L’importanza di una comunicazione scientificamente corretta e priva di pregiudizi è dimostrata anche dagli scarsi risultati della fase di consultazione pubblica seguita alla pubblicazione della Carta nazionale delle aree potenzialmente idonee (Cnapi) ad ospitare il Parco tecnologico e il Deposito nazionale per lo smaltimento dei rifiuti radioattivi: nessuna autorità locale presente nella Cnapi ha proposto una sua candidatura e molti comuni hanno protestato per il solo fatto di esservi stati inseriti.

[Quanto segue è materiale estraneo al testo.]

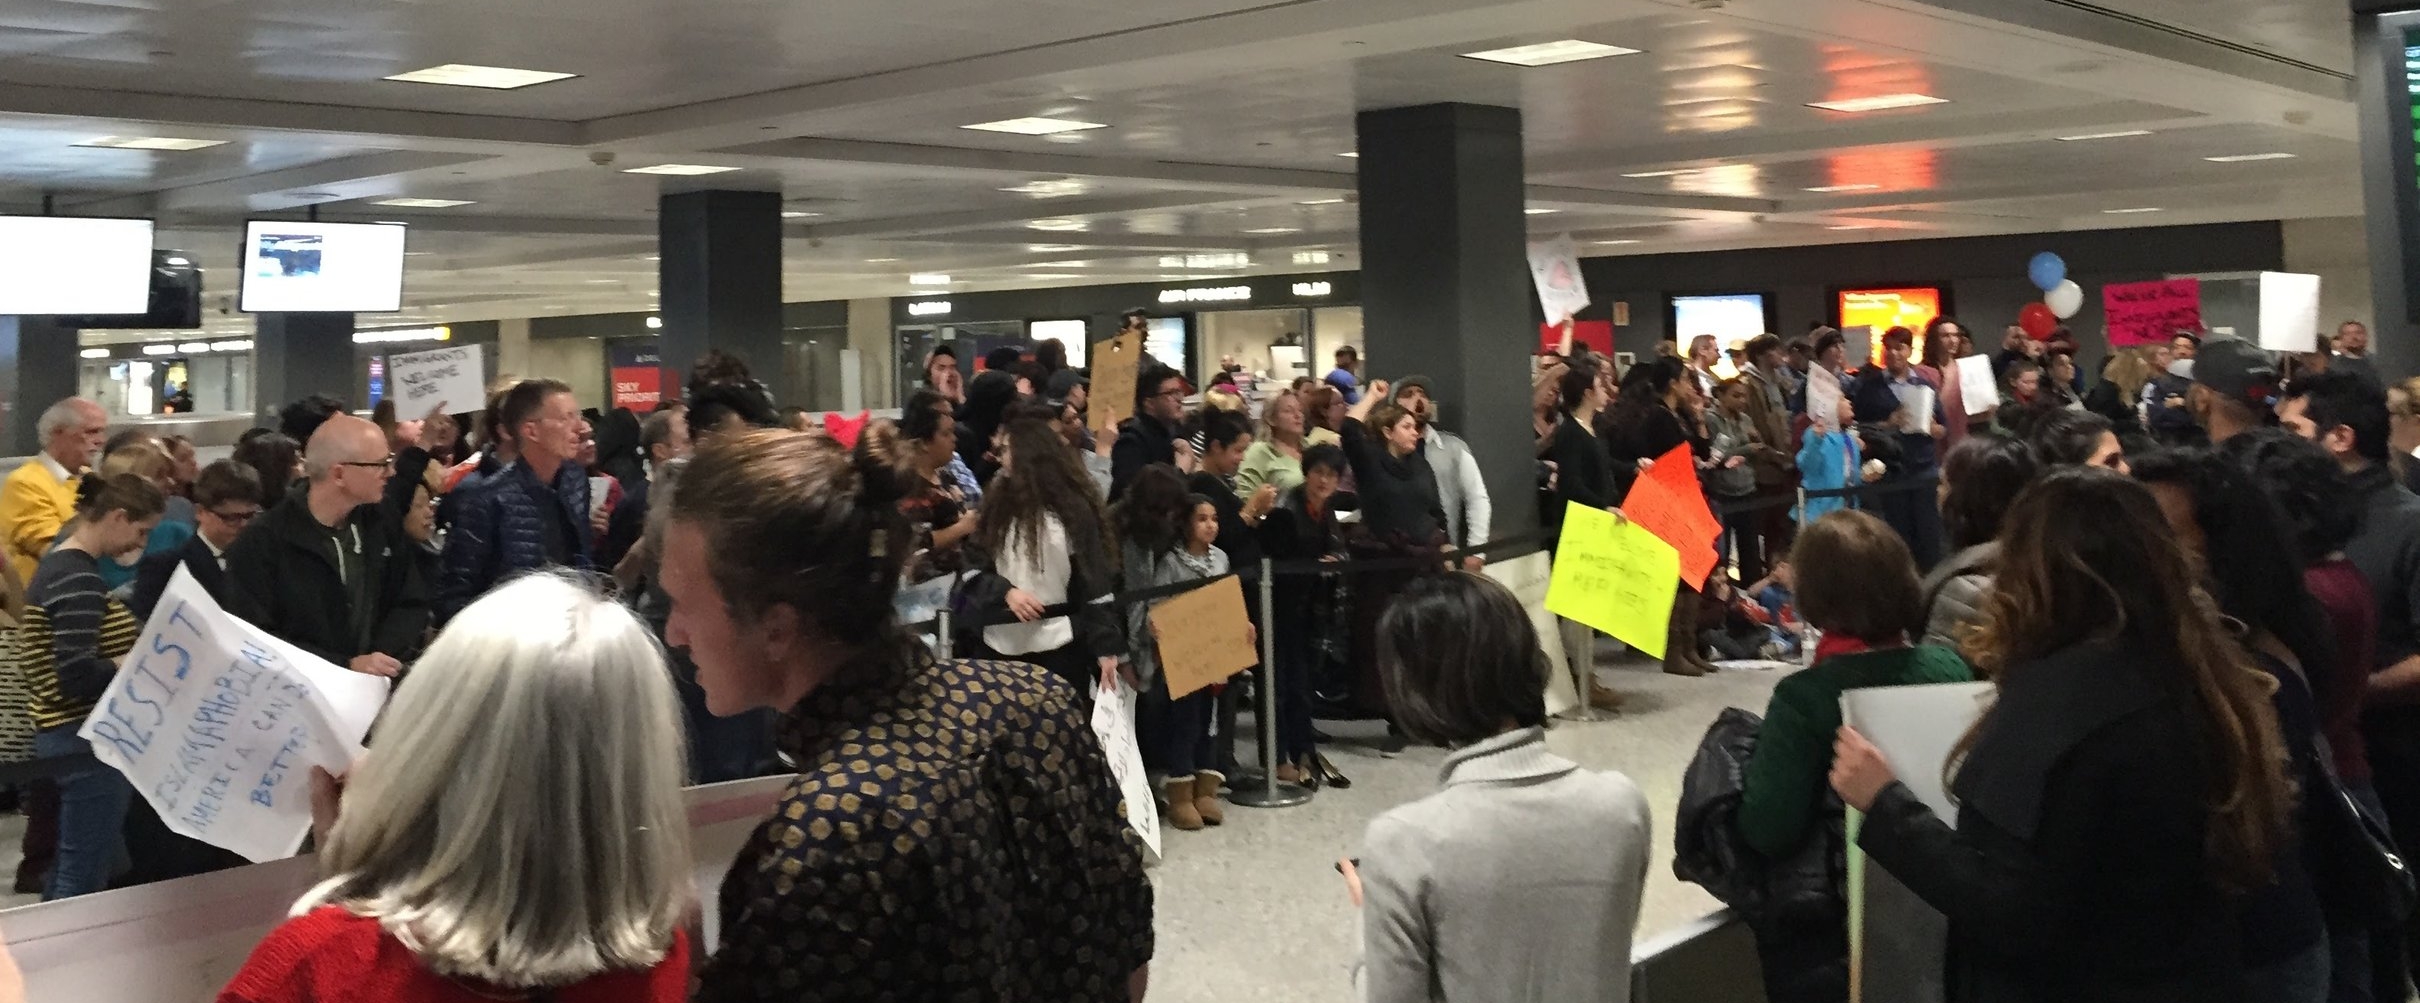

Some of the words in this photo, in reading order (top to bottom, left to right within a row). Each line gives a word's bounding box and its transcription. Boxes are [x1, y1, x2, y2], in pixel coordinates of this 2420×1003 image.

[616, 382, 640, 393] SKY
[616, 392, 661, 403] PRIORIT
[92, 600, 203, 765] RESIST
[181, 746, 255, 832] AMERICA
[251, 700, 292, 731] CAN

Eppure il Deposito nazionale, necessario per smaltire i rifiuti radioattivi a molto bassa e bassa attività, attualmente stoccati in tanti depositi temporanei posti sul territorio italiano, è un edificio che dovrà essere progettato con criteri di sicurezza talmente stringenti che il potenziale danno all’ambiente provocato durante il suo esercizio dovrà essere inferiore al livello di rilevanza radiologica, cioè meno di quanto è consentito a qualsiasi installazione che preveda l’uso di sorgenti radioattive nel nostro paese.

L’impatto economico

Occorre anche considerare che l’eventuale ritorno alla produzione di energia elettrica da fonte nucleare avrebbe un notevole impatto economico per il Paese, non solo per il costo ridotto dell’energia, ma anche in termini di economia ed occupazione. Il piano illustrato da uno dei maggiori player energetici nazionali prevede la costruzione di 15 impianti di piccola taglia a partire dai primi anni del prossimo decennio per arrivare al 10% del mix energetico nazionale nel 2050. Si ipotizzano investimenti complessivi (privati) pari a circa 30 miliardi di euro che si tradurrebbero in quasi 100 miliardi di euro in termini di incremento della produzione e in più di mezzo milione di nuovi posti di lavoro nel periodo di realizzazione degli impianti. Una centrale nucleare di medie dimensioni necessita di circa 500 nuovi posti di lavoro: un numero decisamente superiore rispetto ai 50 circa di una centrale a gas ed i 100 di una a carbone.

Per fornire una idea di massima dell’impatto dell’energia nucleare sull’economia di una regione sviluppata come l’Unione europea, che ha un parco centrali nucleari di circa 120 GWe, si consideri che nella sola Ue il settore nucleare impiega 1,1 milioni di lavoratori di cui il 47% sono di elevata formazione e professionalità e che ogni GWe installato genera 4,3 miliardi di euro di Pil, circa 10 mila posti di lavoro e 1 miliardo all’anno di entrate nel settore pubblico. Nel solo 2019 il settore nucleare europeo ha generato 124 miliardi di euro di entrate.

Avanti con la ricerca

In conclusione è utile citare l’impegno che la comunità internazionale sta mettendo in atto nello sviluppo della fusione nucleare, sul quale anche l’Italia è fortemente impegnata: quando questa tecnologia sarà disponibile a livello industriale potrà senz’altro svolgere un ruolo fondamentale nella produzione di energia elettrica senza produzione di gas serra, ma oggi sono ancora richiesti notevoli sforzi di ricerca e sviluppo, conferme sperimentali sulla fattibilità tecnica delle varie soluzioni proposte e dei processi allo studio. Tale fase dovrà poi essere seguita da una fase di industrializzazione per consentire a questa tecnologia altamente innovativa di poter competere nei futuri mercati energetici. L’orizzonte temporale, a detta degli esperti più accreditati, è la fine del secolo corrente; quindi, non può essere uno strumento per favorire l’attuale processo di decarbonizzazione, ma sarà utile per adeguare il sistema produttivo ai crescenti aumenti della domanda di energia del futuro.